Volume 16, Number 3—March 2010
Rickettsia felis, West Indies
To the Editor: A spay–neuter (sterilization) program for feral cats from Basseterre, the capital of the Caribbean Island St. Kitts, found that most (45/58; 66%) cats had antibodies to spotted fever group rickettsiae (SFGR). The antibodies were detected with Rickettsia rickettsii antigen in a standard microimmunofluorescence assay (1). Titers for 13 (20%) cats were >320.
Most SFGR are transmitted by ticks, but because of their grooming habits, cats seldom have many ticks (2), and we did not find any ticks on the cats we saw through the program. We did, however, commonly find cat fleas, Ctenocephalides felis, which are the main vector of R. felis, a recently described member of the SFGR. R. felis seems to be apathogenic in cats (3) but is the agent of flea-borne spotted fever in humans (4). Although R. felis has been reported from North and South America, Europe, Africa, the Middle-East, and Oceania (4), its presence in the Caribbean islands has not been established. To provide this information we tested DNA extracted with the QIAamp DNA Mini-Kit (QIAGEN, Valencia, CA, USA) from C. felis fleas preserved in 70% ethanol.
Of 57 (19%) C. felis fleas from St. Kitts, 11 were positive for R. felis DNA when tested by PCR using primers targeting SFGR ompA (5) or TaqMan assay using primers targeting gltA and a probe specific for the organism (6,7). For a negative control we used distilled water; for a positive control we used DNA from R. montanensis cultures or recombinant control plasmids constructed by amplifying target fragments from R. typhi strain Wilmington and R. felis strain LSU (7).

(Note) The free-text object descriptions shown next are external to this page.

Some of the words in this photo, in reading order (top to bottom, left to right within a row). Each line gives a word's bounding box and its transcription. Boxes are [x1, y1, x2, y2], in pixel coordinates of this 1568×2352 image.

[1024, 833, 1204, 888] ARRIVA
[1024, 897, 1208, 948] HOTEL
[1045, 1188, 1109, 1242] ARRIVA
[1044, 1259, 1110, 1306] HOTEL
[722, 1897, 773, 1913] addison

The sequences of the ompA and gltA amplicons obtained had 100% nucleotide sequence similarity with homologous fragments of the type reference isolate R. felis URRxCal2. We used the National Center for Biotechnology Information basic local alignment sequence tool, BLAST (www.ncbi.nlm.nih.gov/blast/Blast.cgi).

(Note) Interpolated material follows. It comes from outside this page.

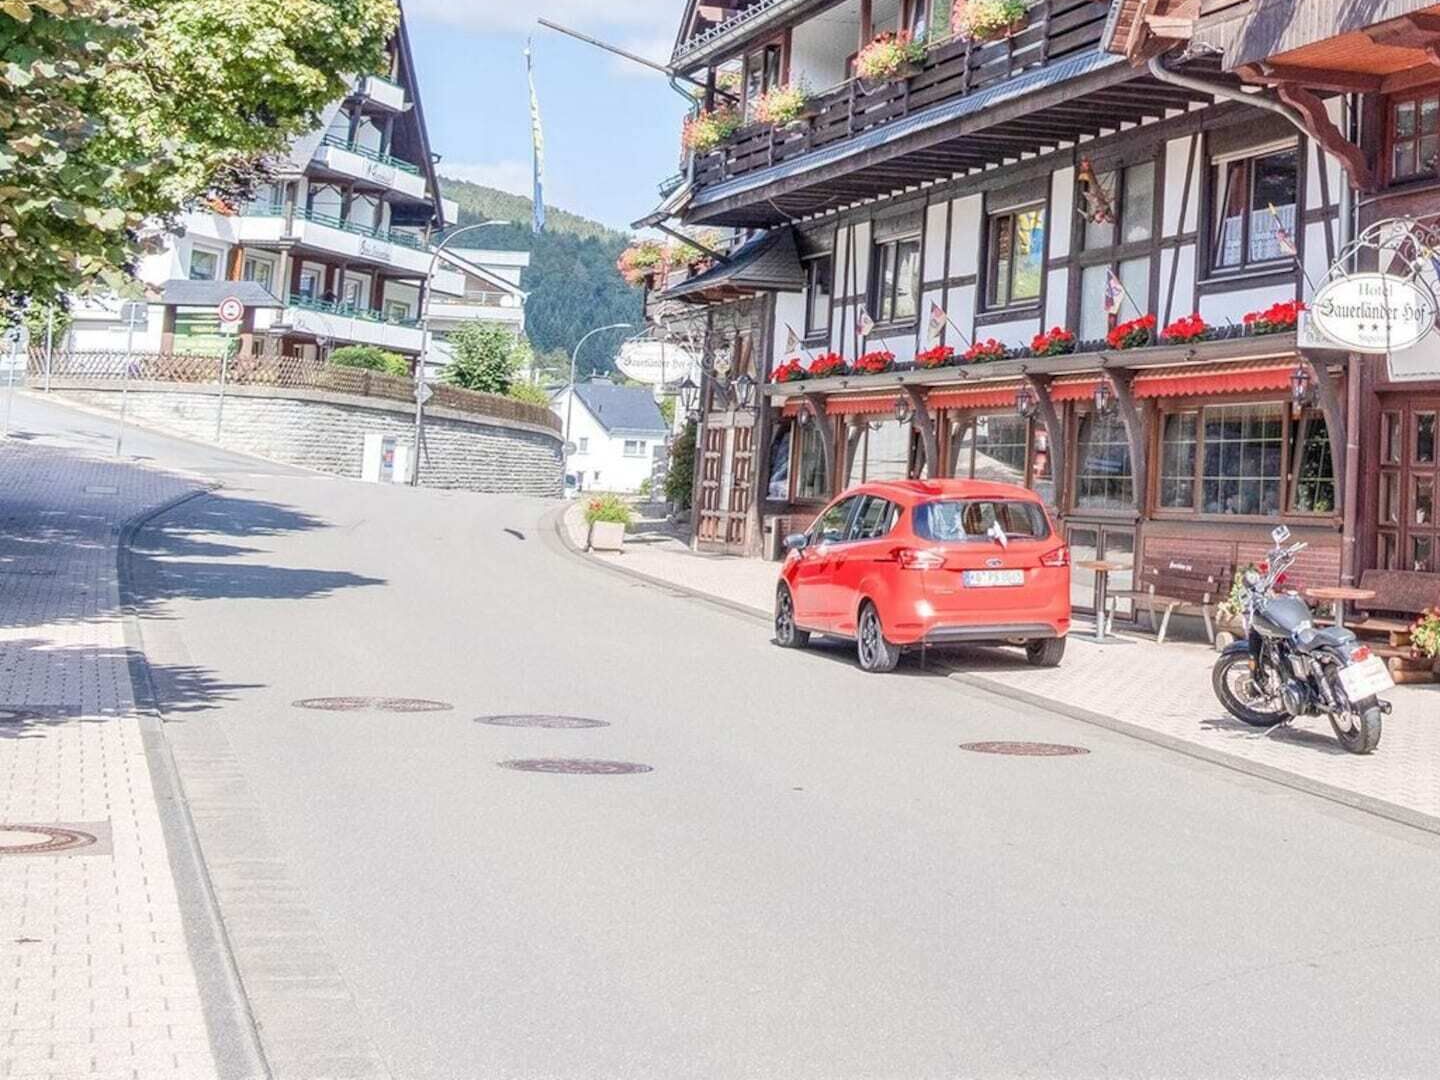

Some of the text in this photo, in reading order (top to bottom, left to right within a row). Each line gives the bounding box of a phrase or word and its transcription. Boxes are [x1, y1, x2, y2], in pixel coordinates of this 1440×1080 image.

[1358, 283, 1393, 296] Hotel
[1320, 297, 1426, 325] Sauerländer Hof

To determine whether R. felis occurs on another Caribbean island, we tested 32 C. felis fleas from Dominica and found 1 (3%) to be positive by PCR when primers targeting ompA were used. The sequence obtained was also identical to that of R. felis URRxCal2.

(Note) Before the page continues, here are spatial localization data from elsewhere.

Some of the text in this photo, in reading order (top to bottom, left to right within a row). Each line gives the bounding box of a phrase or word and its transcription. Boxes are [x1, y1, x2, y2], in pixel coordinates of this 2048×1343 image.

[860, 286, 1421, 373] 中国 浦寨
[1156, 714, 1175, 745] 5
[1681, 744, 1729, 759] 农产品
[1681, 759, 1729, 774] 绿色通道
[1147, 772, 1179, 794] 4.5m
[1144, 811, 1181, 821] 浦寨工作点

Our study provides further evidence that cats can be sentinels for the presence of rickettsiae (1). However, although rickettsemia can develop in cats experimentally infected with R. felis (3), no compelling evidence shows that cats help maintain the organism or transmit it to humans (8,9). Rather, it appears that C. felis fleas, which are also commonly found on dogs and to a lesser extent other mammals, are the major reservoir hosts and vectors of infection, although the exact mechanisms are unknown (10). Our study also expands the known distribution of R. felis and should alert healthcare workers who see residents of or vacationers from the Caribbean islands of the possibility of flea-borne spotted fever in their patients.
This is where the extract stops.